Though it's specifically about manic-depressives, I think much of it is
relevant to the article as the author describes himself as a writer, web
designer/developer, musician and artist.

I was shocked even paging through the book when I first got it, jumping from
chart to chart. Check these three out:

Showing Van Gogh's seasonal depression:
[http://xomf.com/rzbwz](http://xomf.com/rzbwz)

Suicide rates of artists and writers:
[http://xomf.com/xysmn](http://xomf.com/xysmn)

Mood disorders in writers and artists:
[http://xomf.com/mxnqq](http://xomf.com/mxnqq)

I think it would be easy for someone to say "oh but wait - this guy is a web
designer, he's not sitting with oils and a canvas - these stats are
irrelevant." They'd be wrong.
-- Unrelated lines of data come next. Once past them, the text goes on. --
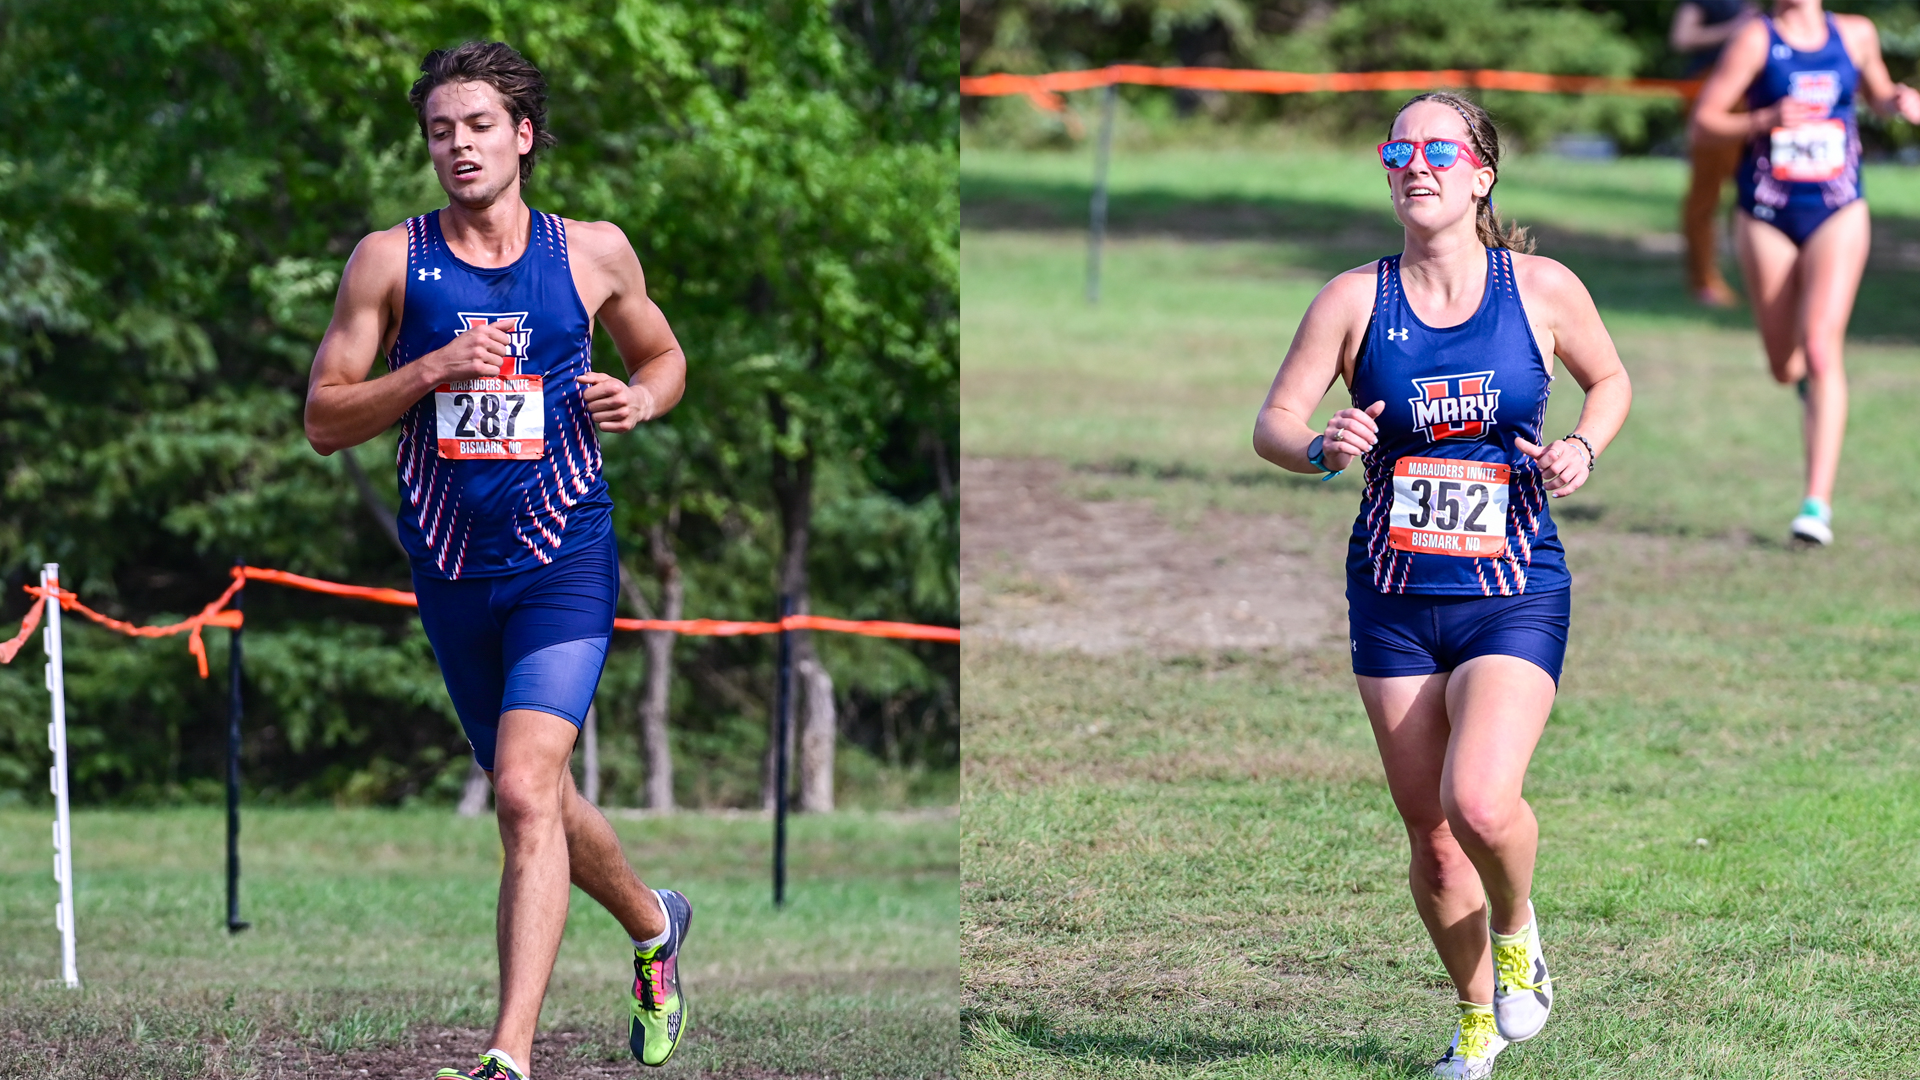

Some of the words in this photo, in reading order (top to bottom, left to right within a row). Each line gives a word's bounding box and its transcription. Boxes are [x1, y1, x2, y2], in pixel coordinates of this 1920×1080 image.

[450, 379, 501, 391] MARAUDERS
[504, 379, 530, 391] INVITE
[454, 394, 525, 438] 287
[1415, 394, 1495, 428] MARY
[460, 441, 506, 455] BISMARK,
[508, 441, 522, 454] ND
[1408, 462, 1464, 479] MARAUDERS
[1466, 466, 1497, 481] INVITE
[1409, 479, 1489, 533] 352
[1411, 531, 1462, 552] BISMARK,
[1465, 537, 1481, 552] ND
Here is what Steve thought about the people who
worked on the mac:

"These are the people under different circumstances would be painters and
poets but because of the time that we live in this new medium has appeared in
which to express one's self to one's fellow species and that's the medium of
computing. And so a lot of people that would have been artists and scientists
have gone into this field to express their feeling..."

(from the 1990 interview at
[https://www.youtube.com/watch?v=2nMD6sjAe8I#t=16m25s](https://www.youtube.com/watch?v=2nMD6sjAe8I#t=16m25s))

I think there's probably more depression in our industry than people let on.
TechCrunch recently did a post on depression in founders. Hell - I just
commented on a HN thread of a guy working on an app to combat loneliness. It's
a real problem, with a real nasty stigma, and I think it's important people
start talking openly about it.

------
a3n
"Hell, a major motion picture company put out Fight Club, which is about as
unsubtle an attack on consumer corporate capitalism as you can get."

And that major motion picture company made a shit ton of money selling that
fantasy. We're drinking what they're selling.